--- What you will do ---
Leave out any pictures and transcribe all other data below exactly.

Stored items from a collection
• • • • • • •
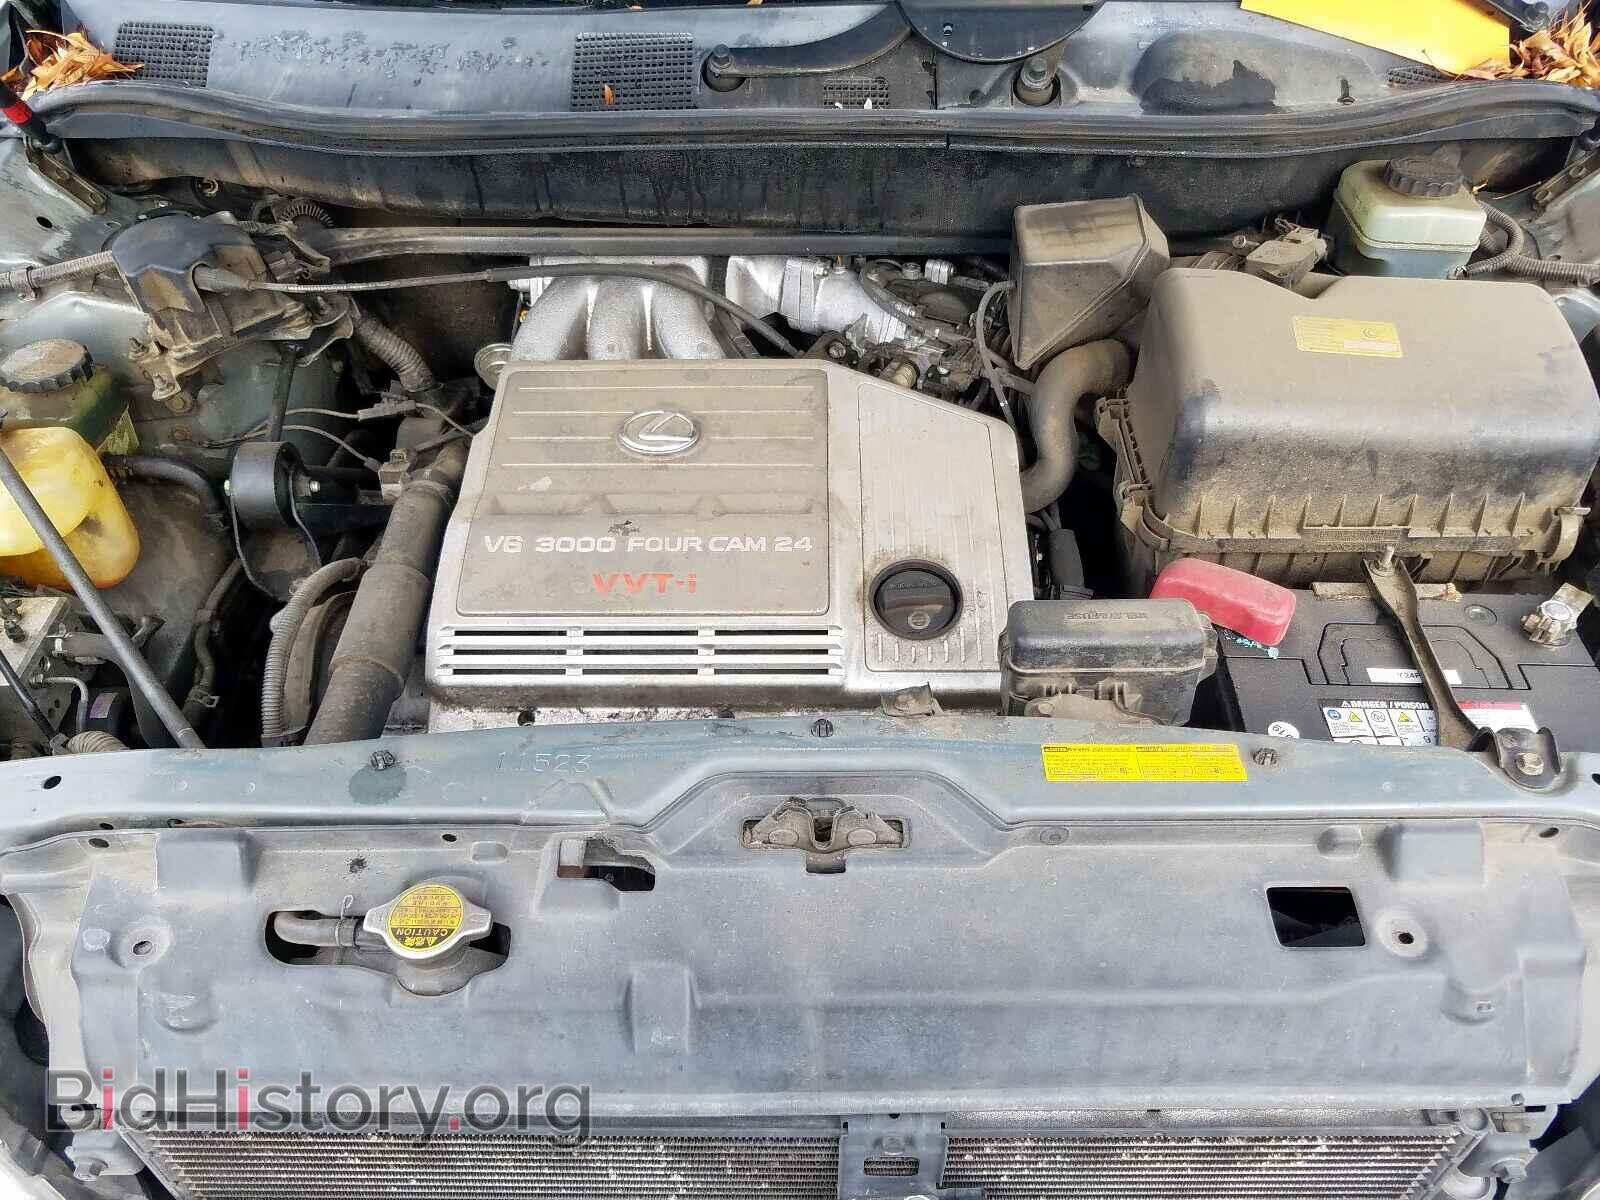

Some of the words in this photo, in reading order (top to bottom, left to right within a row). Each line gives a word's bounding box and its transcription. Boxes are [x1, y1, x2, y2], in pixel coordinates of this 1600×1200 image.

[484, 535, 523, 553] V6
[535, 536, 616, 553] 3000
[627, 536, 703, 552] FOUR
[708, 536, 767, 552] CAM
[774, 536, 813, 552] 24
[592, 571, 697, 595] VVT-i
[1350, 699, 1388, 709] DANGER
[396, 927, 448, 937] CAUTION
• • • • • • •
--- Exercise result ---
Some of the words in this photo, in reading order (top to bottom, left to right within a row). Each line gives a word's bounding box and its transcription. Boxes are [x1, y1, x2, y2], in pixel coordinates of this 1600×1200 image.

[484, 535, 523, 553] V6
[535, 536, 616, 553] 3000
[627, 536, 703, 552] FOUR
[708, 536, 767, 552] CAM
[774, 536, 813, 552] 24
[592, 571, 697, 595] VVT-i
[1350, 699, 1388, 709] DANGER
[396, 927, 448, 937] CAUTION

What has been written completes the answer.